#### Data under study:
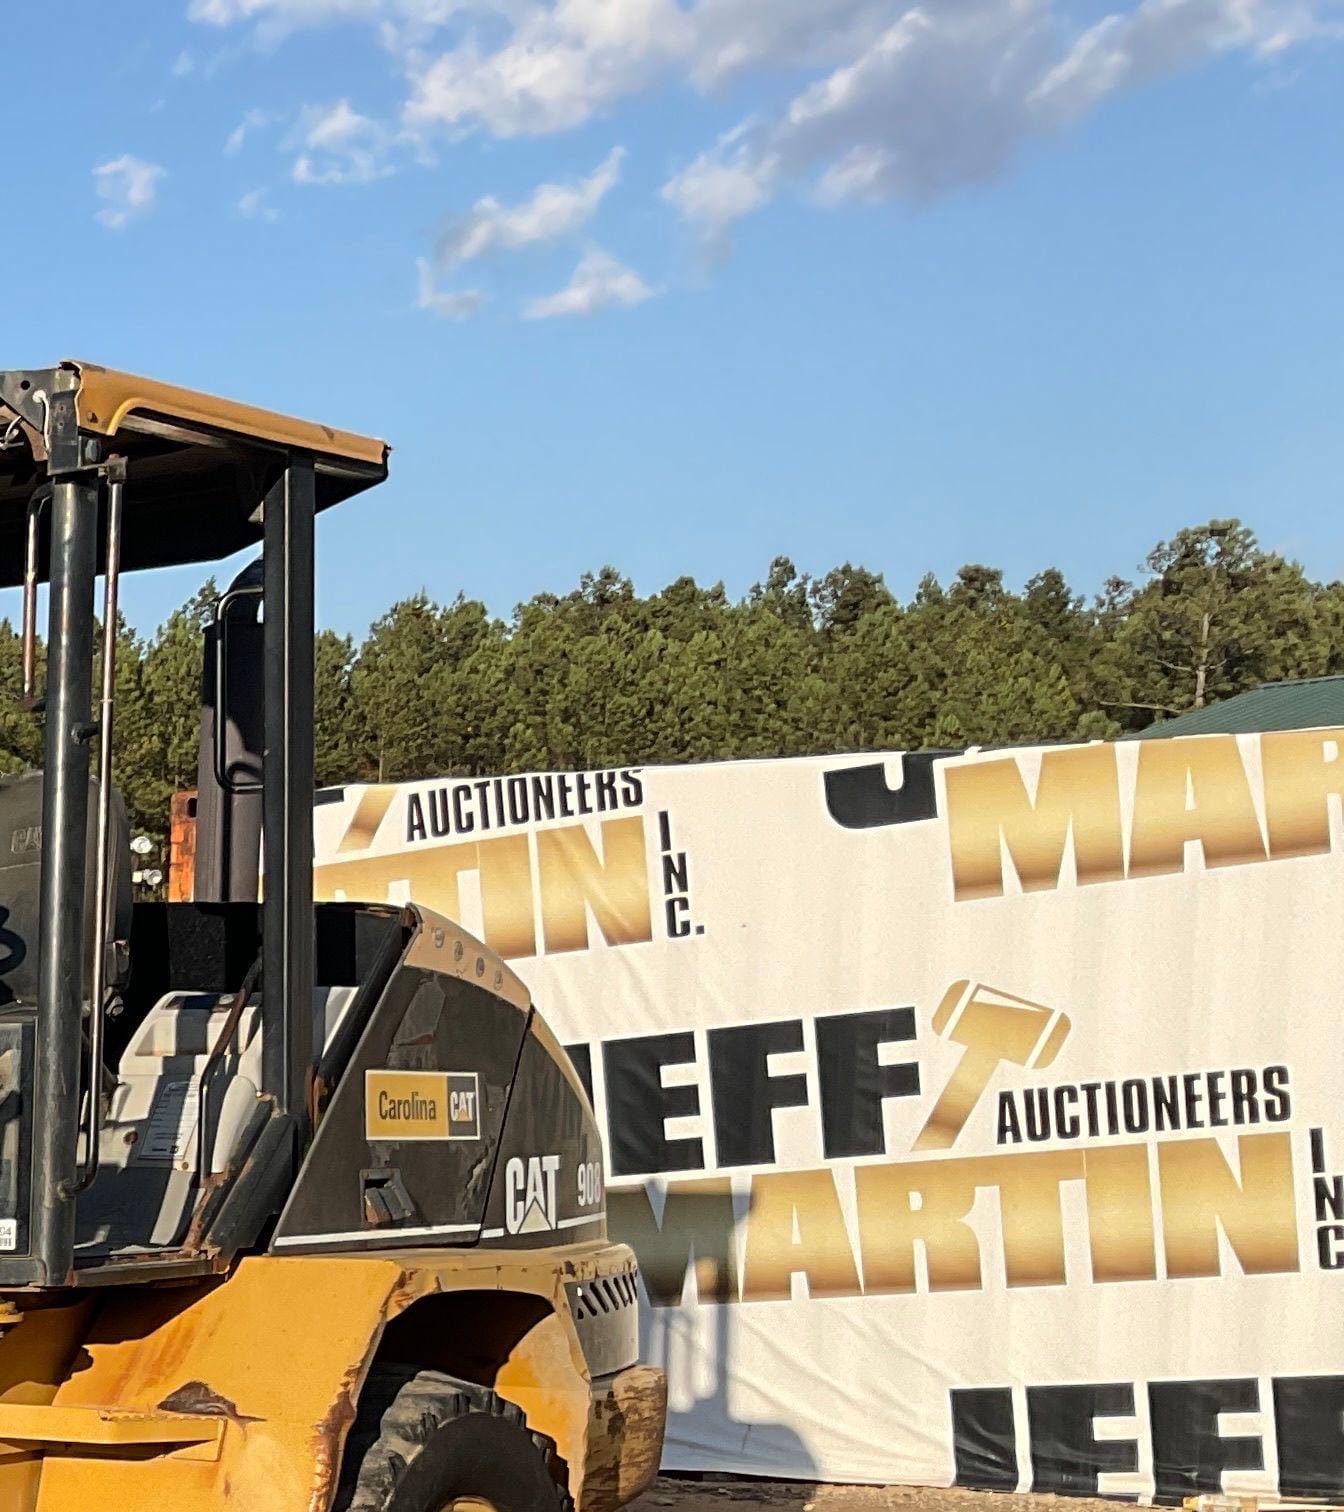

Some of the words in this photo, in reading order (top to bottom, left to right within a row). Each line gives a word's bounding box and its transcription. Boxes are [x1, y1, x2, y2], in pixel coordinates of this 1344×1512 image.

[407, 769, 643, 843] AUCTIONEERS
[659, 810, 705, 939] INC.
[378, 1090, 438, 1122] Carolina
[450, 1091, 475, 1122] CAT
[564, 1006, 921, 1177] EFF
[996, 1065, 1292, 1145] AUCTIONEERS
[505, 1155, 560, 1234] CAT
[577, 1162, 601, 1206] 908
[606, 1131, 1301, 1308] MARTIN

#### Aim of the exercise:
Would you write out all of the records exactly, omitting the pictures?

#### Exercise output:
Some of the words in this photo, in reading order (top to bottom, left to right within a row). Each line gives a word's bounding box and its transcription. Boxes are [x1, y1, x2, y2], in pixel coordinates of this 1344×1512 image.

[407, 769, 643, 843] AUCTIONEERS
[659, 810, 705, 939] INC.
[378, 1090, 438, 1122] Carolina
[450, 1091, 475, 1122] CAT
[564, 1006, 921, 1177] EFF
[996, 1065, 1292, 1145] AUCTIONEERS
[505, 1155, 560, 1234] CAT
[577, 1162, 601, 1206] 908
[606, 1131, 1301, 1308] MARTIN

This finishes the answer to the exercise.